BEML Limited
- Type: Public
- Traded as: NSE: BEML BSE: 500048
- Industry: Heavy equipment Defence Railway vehicles
- Founded: May 1964
- Headquarters: BEML Soudha, No 23/1, IV Main, Sampangiramanagar, Bangalore, Karnataka, India
- Area served: Worldwide
- Key people: Shantanu Roy (Chairman & MD)
- Products: Earthmoving equipment Underground mining equipment Railway equipment High power diesel engines Heavy duty hydraulic aggregates
- Revenue: ₹4,096 crore (US$430 million) (2024)
- Operating income: ₹153.20 crore (US$16 million) (2020)
- Net income: ₹68.38 crore (US$7.1 million) (2020)
- Total assets: ₹5,066.71 crore (US$530 million) (2020)

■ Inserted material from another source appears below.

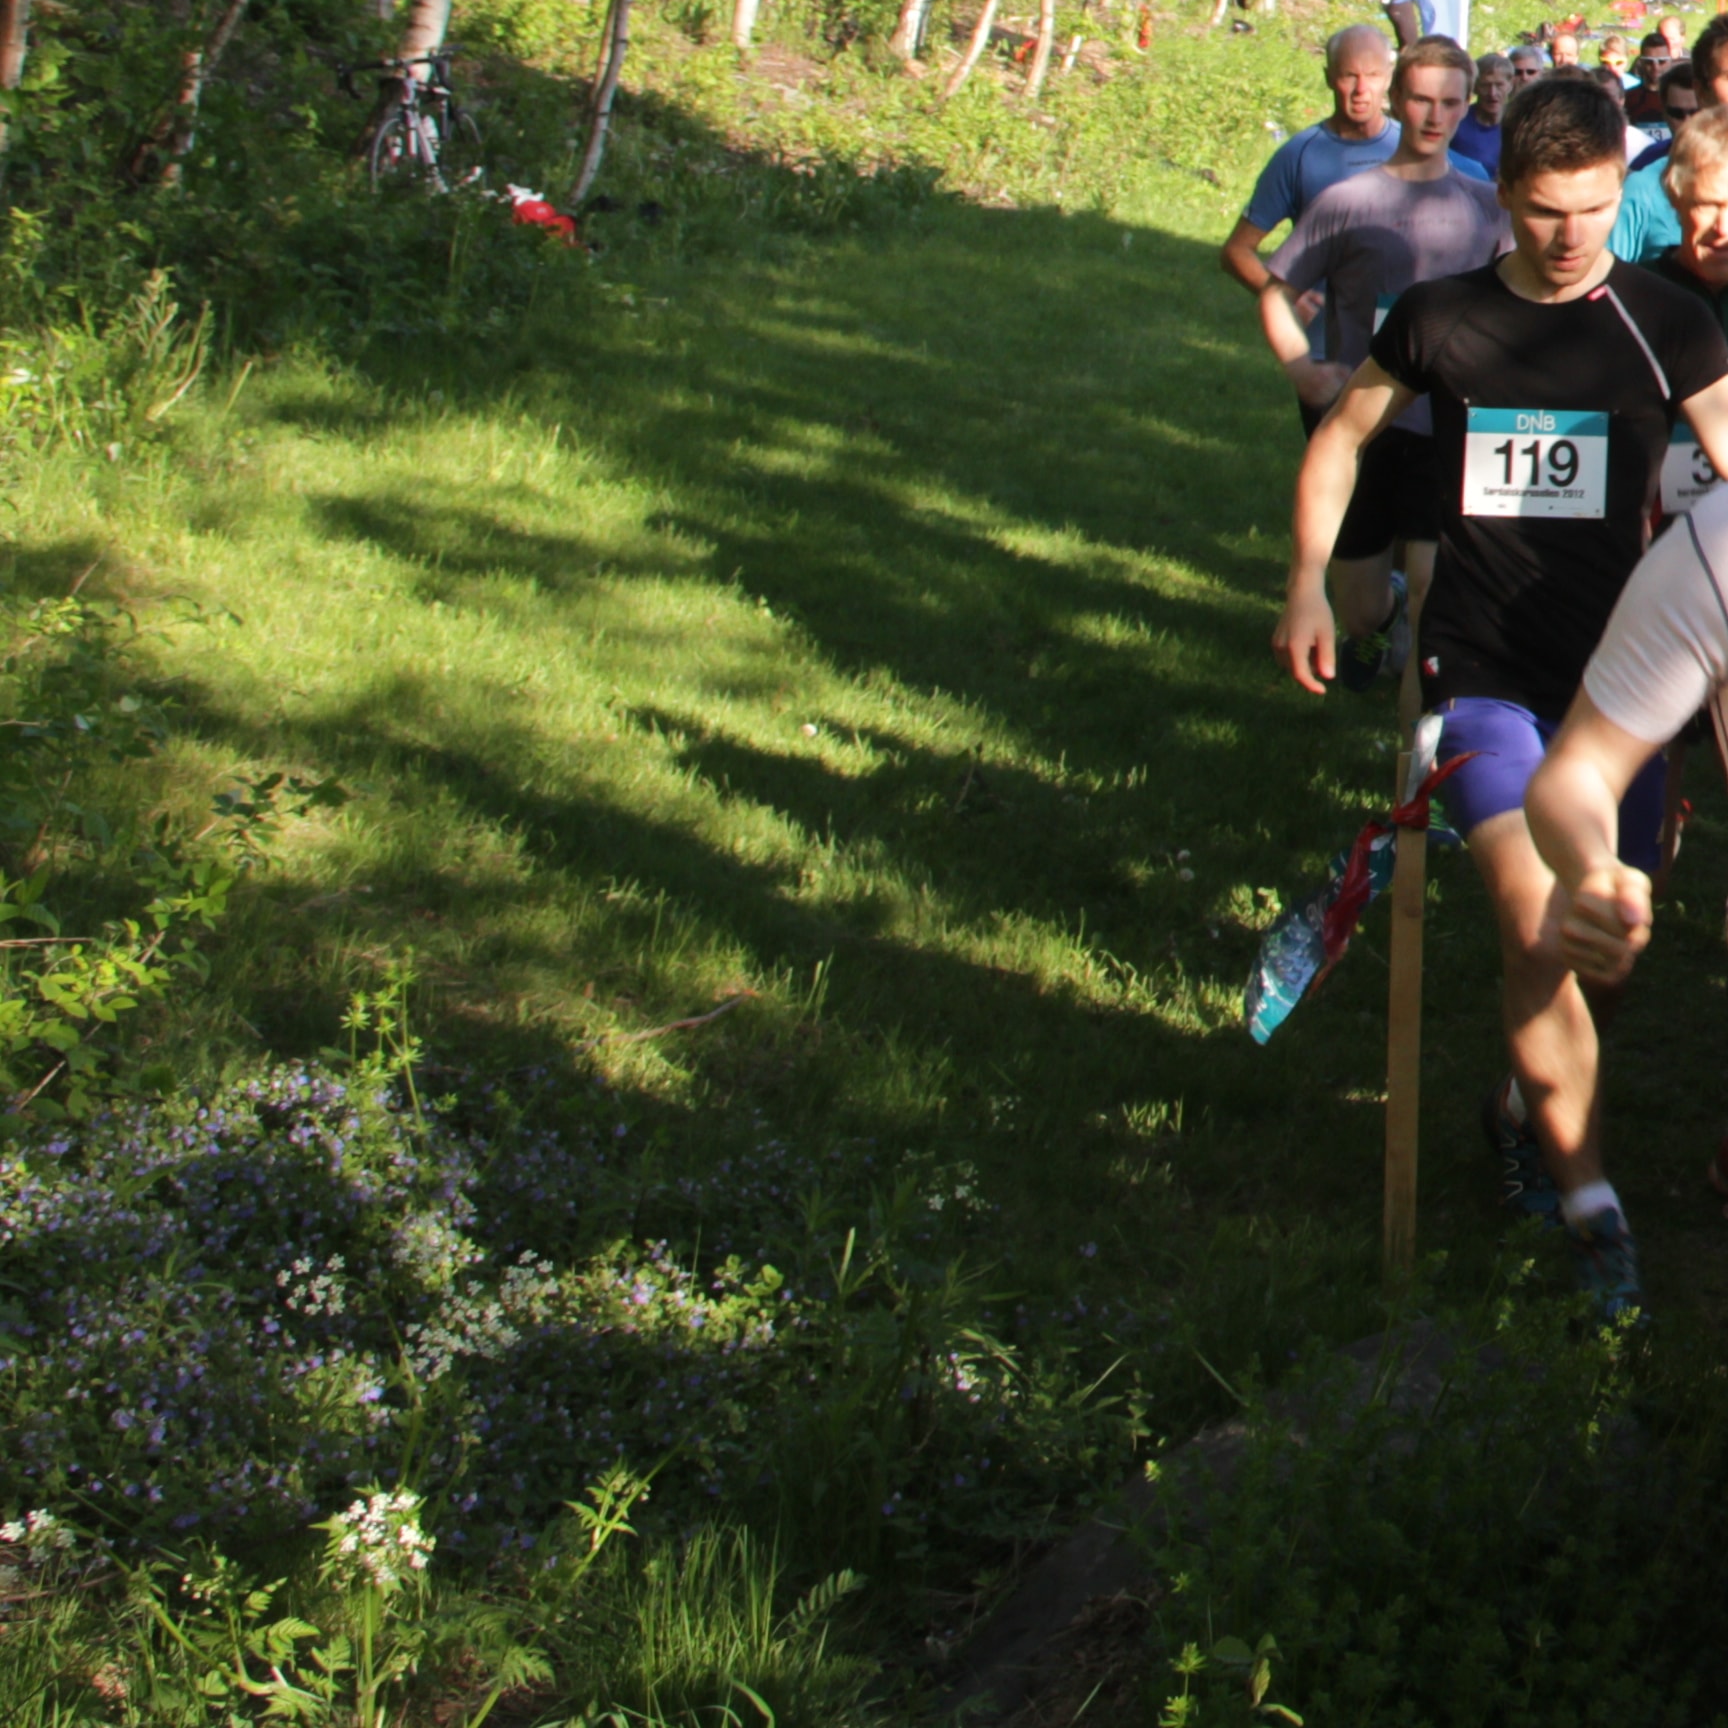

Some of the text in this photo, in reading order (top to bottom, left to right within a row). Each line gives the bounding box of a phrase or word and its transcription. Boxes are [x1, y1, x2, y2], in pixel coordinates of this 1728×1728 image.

[1516, 409, 1556, 434] DNB
[1494, 438, 1579, 487] 119
[1692, 448, 1719, 485] 3
[1562, 489, 1585, 498] 2012

- Total equity: ₹2,257.15 crore (US$230 million) (2020)
- Owner: Government of India (54.03%)
- Number of employees: 6,973 (FY 2024-25)

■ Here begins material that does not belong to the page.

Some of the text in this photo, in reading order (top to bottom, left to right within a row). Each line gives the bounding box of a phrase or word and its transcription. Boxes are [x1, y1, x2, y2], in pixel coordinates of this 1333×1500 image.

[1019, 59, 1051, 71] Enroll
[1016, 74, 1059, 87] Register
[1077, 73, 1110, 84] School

- Subsidiaries: MAMC Industries BEML Skybus
- Website: www.bemlindia.in

= BEML =

Indian heavy equipment manufacturer

BEML Limited, formerly Bharat Earth Movers Limited, is an Indian public sector undertaking which manufactures a variety of heavy equipment, such as that used for earth moving, railways, transport, and mining. It is headquartered in Bengaluru, Karnataka. BEML is Asia's second-largest manufacturer of earth moving equipment. Its stock trades on the National Stock Exchange of India under the symbol "BEML", and on the Bombay Stock Exchange under the code "500048".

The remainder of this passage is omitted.